Yale University economics professor Robert Shiller has a warning for investors.

The Nobel laureate says low volatility paired with a questionable price-earnings ratio could wipe out a chunk of the stock market's value.

"The price increase just went step-by-step with the earnings increase. I think it's an overreaction to good earnings," said Shiller on Wednesday's " Trading Nation ."

His comments came as the S&P 500 (INDEX: .SPX), Dow (Dow Jones Global Indexes: .DJI) and Nasdaq (NASDAQ: .IXIC) were hitting fresh all-time highs and the CBOE Volatility Index (STOXX: .VIX) dropped to a record low.

In a special note to CNBC, Shiller writes that low volatility could be "the quiet before the storm." It's a phenomenon which Shiller says is making him "lie awake worrying."

And, that's not the only issue he's raising.

His Shiller PE Ratio, also known as CAPE, shows the price-earnings ratio based on average inflation-adjusted earnings from the last 10 years is over 30. The number carries significance because the only times it's been higher was just before the Great Depression in 1929 and mid-1997 to mid-2001.

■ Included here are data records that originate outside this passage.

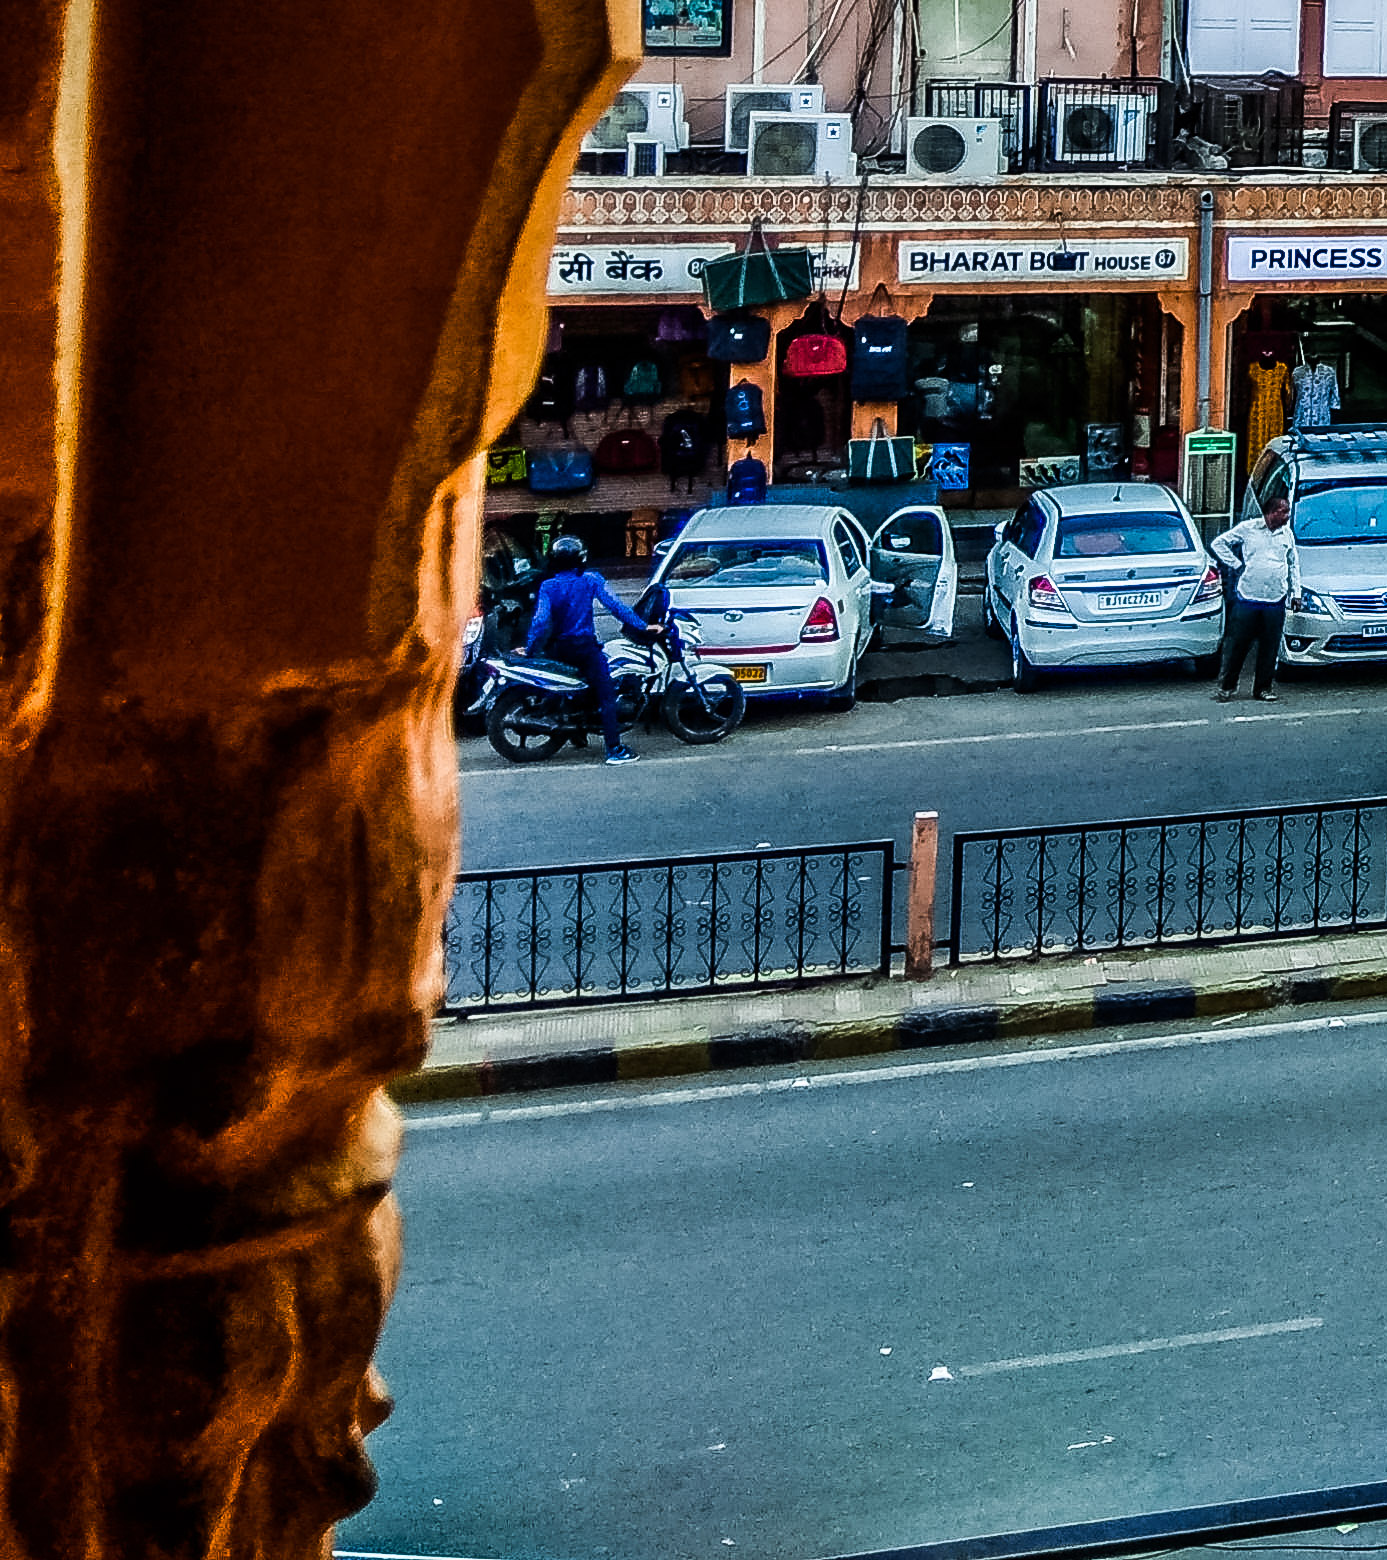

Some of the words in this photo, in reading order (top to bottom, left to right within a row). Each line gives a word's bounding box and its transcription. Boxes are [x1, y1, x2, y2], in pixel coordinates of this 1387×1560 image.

[605, 250, 662, 282] बैंक
[910, 251, 1023, 271] BHARAT
[1030, 251, 1089, 271] BOT
[1095, 256, 1150, 271] HOUSE
[1157, 250, 1175, 267] 87
[1251, 248, 1382, 269] PRINCESS

"I worry that historically earnings have been trend-reverting," said Shiller. "Admittedly, we do have a president who's going to 'make America great again.' So if he's right, maybe then we're launching out in a whole new path. But it would be the first time in American history."

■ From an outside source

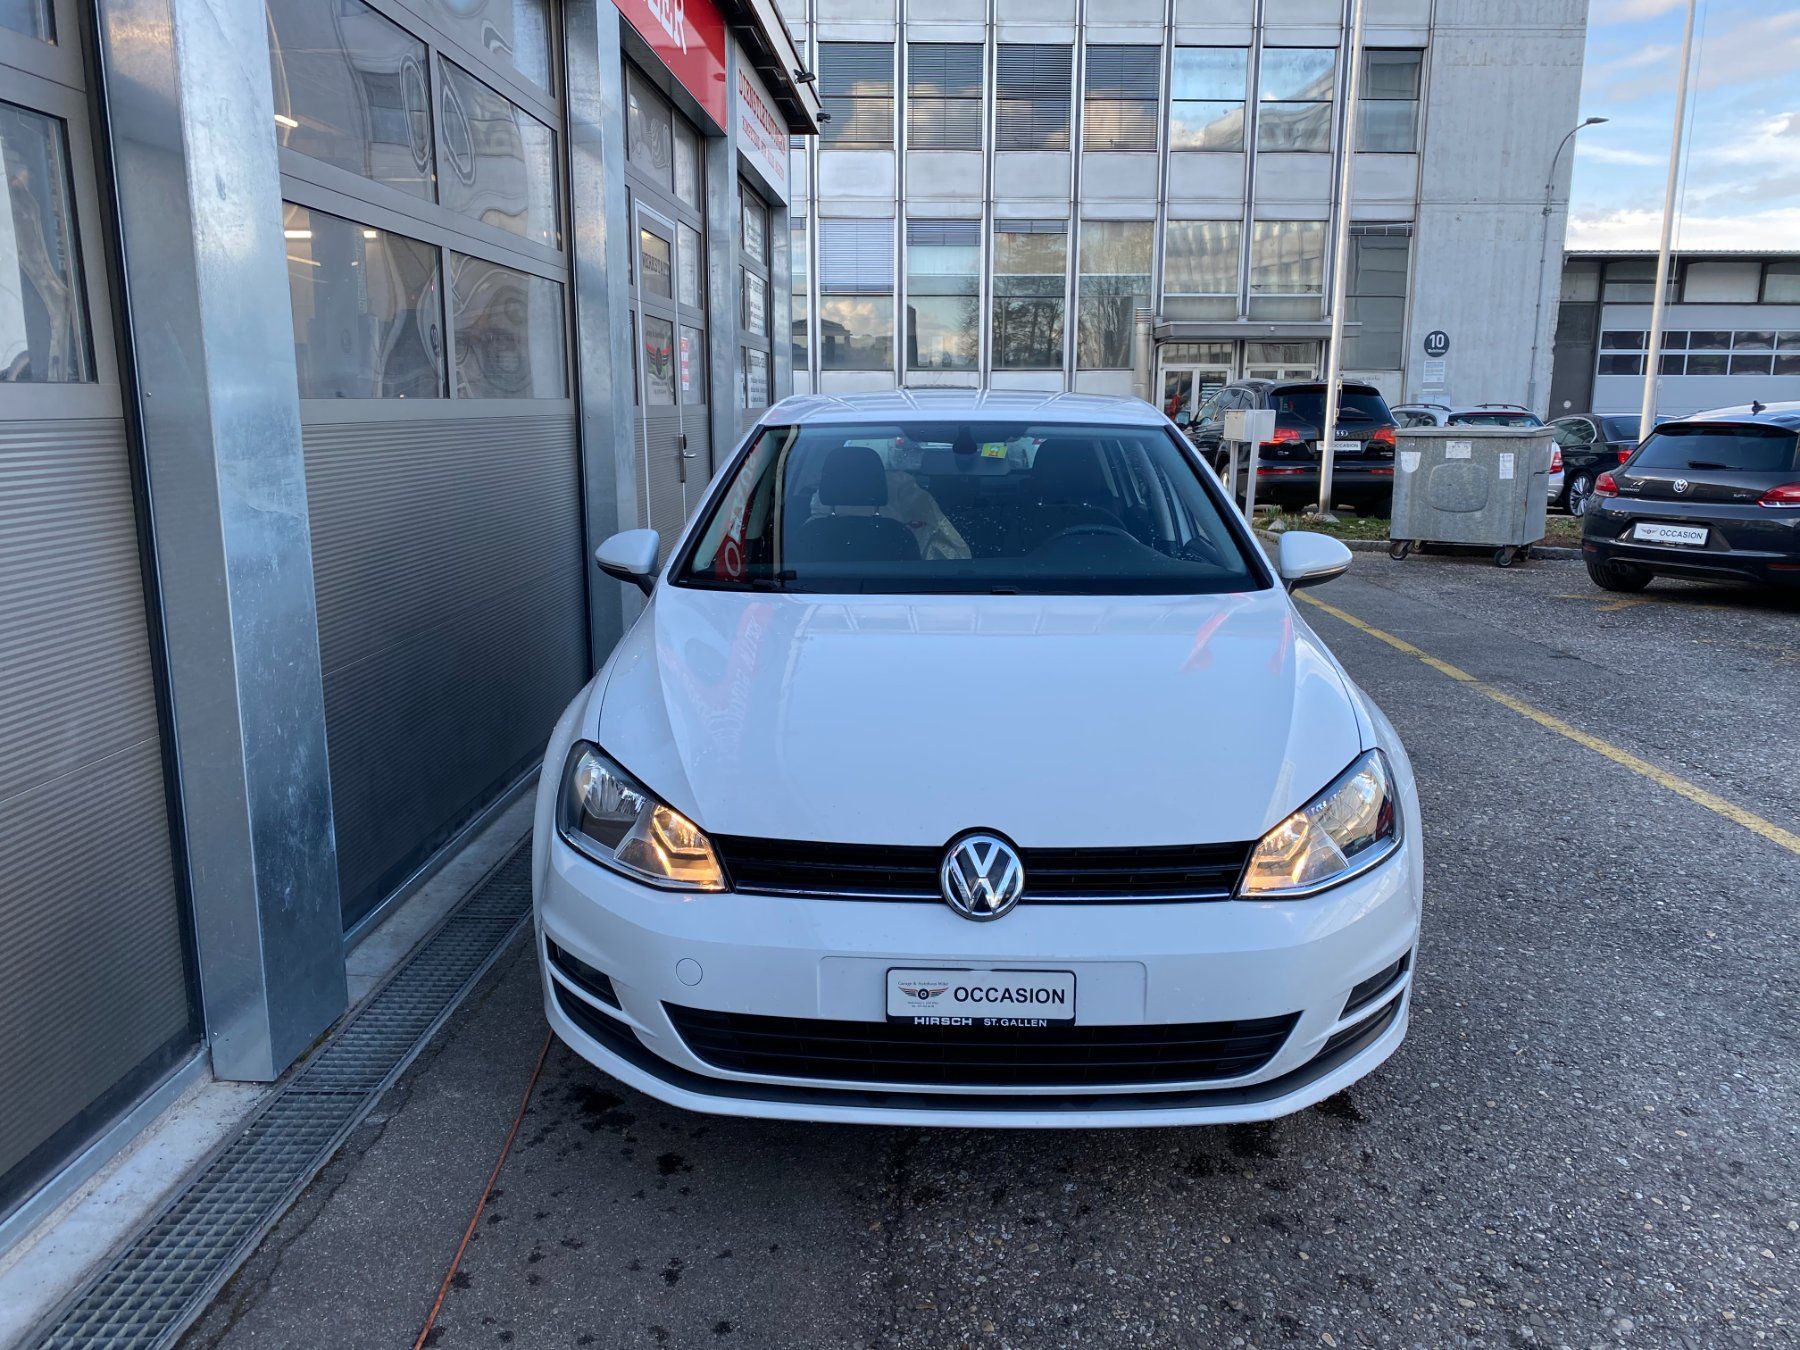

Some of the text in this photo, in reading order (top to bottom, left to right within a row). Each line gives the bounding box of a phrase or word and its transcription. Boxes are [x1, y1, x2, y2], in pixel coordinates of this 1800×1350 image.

[1430, 334, 1445, 348] 10
[1659, 529, 1703, 539] OCCASION
[953, 986, 1065, 1004] OCCASION
[914, 1017, 972, 1026] HIRSCH

Shiller's latest analysis shouldn't be taken lightly.

His forecasting skills were recognized in 2013 when he won the Nobel Prize in Economics. He's known for predicting both the dot-com bubble and the housing bubble in his book "Irrational Exuberance."

If Shiller is right and the stock market ultimately goes back to trend, it could create havoc.

"It would definitely be a negative for equities. It would be pretty big. We are at a high valuation. The only time we've had a higher valuation than where we are now was around 1929 and around 2000," Shiller said.

"We could see a major correction," he said. "This is not a forecast. It's a worry."